Photo Eighteen- Mertens' Water Monitor (_Varanus mertensi_) 







Photo Nineteen - Woma







Photo Twenty- Jungle Python (_Morelia spilota cheynei_) name:moon


----------



## zen (Aug 5, 2006)

*Take 2*

Sorry guys, we're starting again as we had a technical error. 

*So for those of you who've already voted, could you please submit your vote again.*

If you haven't voted yet, have a say in who gets through to the final.

We're taking entries for Round 2 now, so if you haven't entered yet, this is your chance.

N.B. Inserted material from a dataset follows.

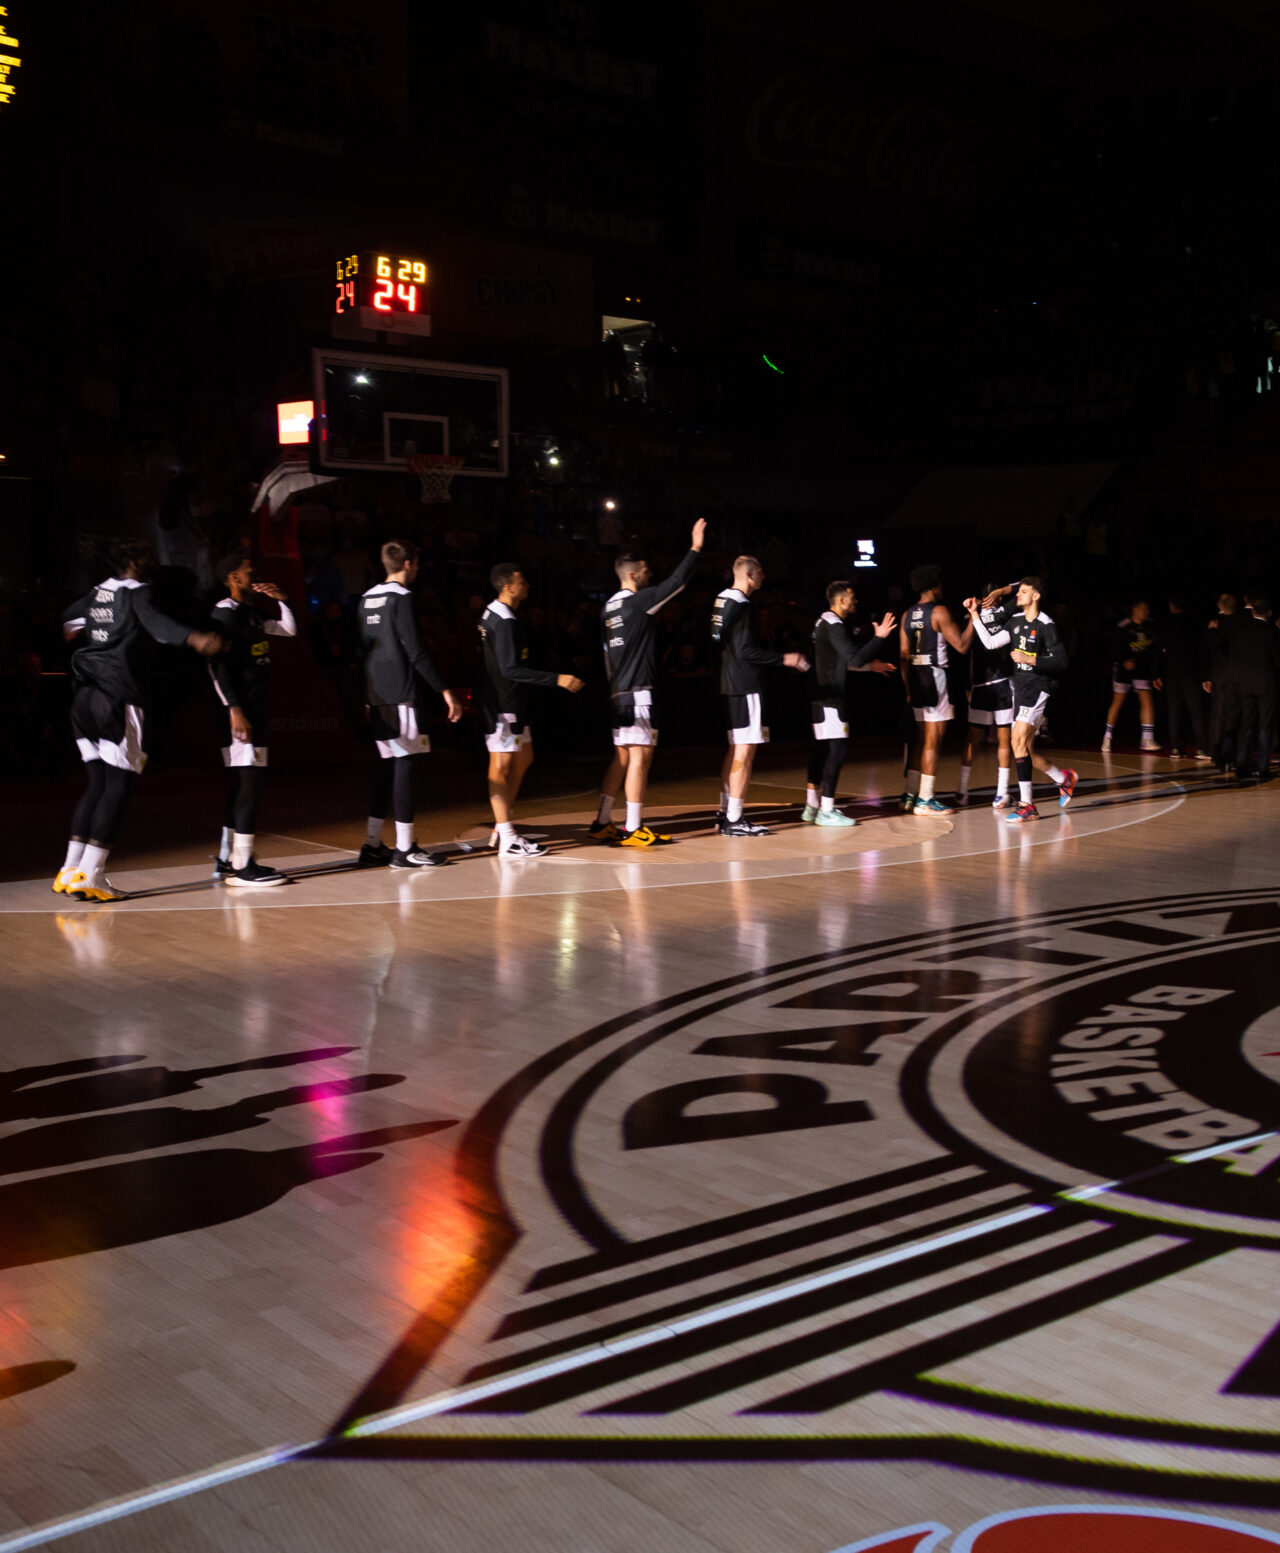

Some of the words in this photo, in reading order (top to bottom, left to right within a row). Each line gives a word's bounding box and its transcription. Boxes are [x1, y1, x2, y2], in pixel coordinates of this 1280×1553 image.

[397, 259, 427, 283] 29
[336, 280, 355, 314] 24
[374, 278, 416, 313] 24
[266, 712, 339, 733] eridian

Feel free to comment on which pic you voted for and why, as it bumps it up.


Cheers, Zen


----------



## cris (Aug 5, 2006)

*RE: Take 2*

can we vote for photos that we dont think will win to increase our own chances? :lol:


----------



## zen (Aug 6, 2006)

You have to enter first Cris.


----------



## cris (Aug 6, 2006)

> You have to enter first Cris.


done, I think ill just leave the voting to impartial ppl


----------



## montyette (Aug 6, 2006)

Voted for the Merten's as its very high on my own wish list and think its a great pic that should capture attention.

cheers Christine


----------



## jeramie85 (Aug 6, 2006)

just re-submitted my vote

same as b4

pitty it doesnt have the names any more just photo one photo two and so on


----------



## zen (Aug 6, 2006)

Re-submission seems to be working for Jeramie.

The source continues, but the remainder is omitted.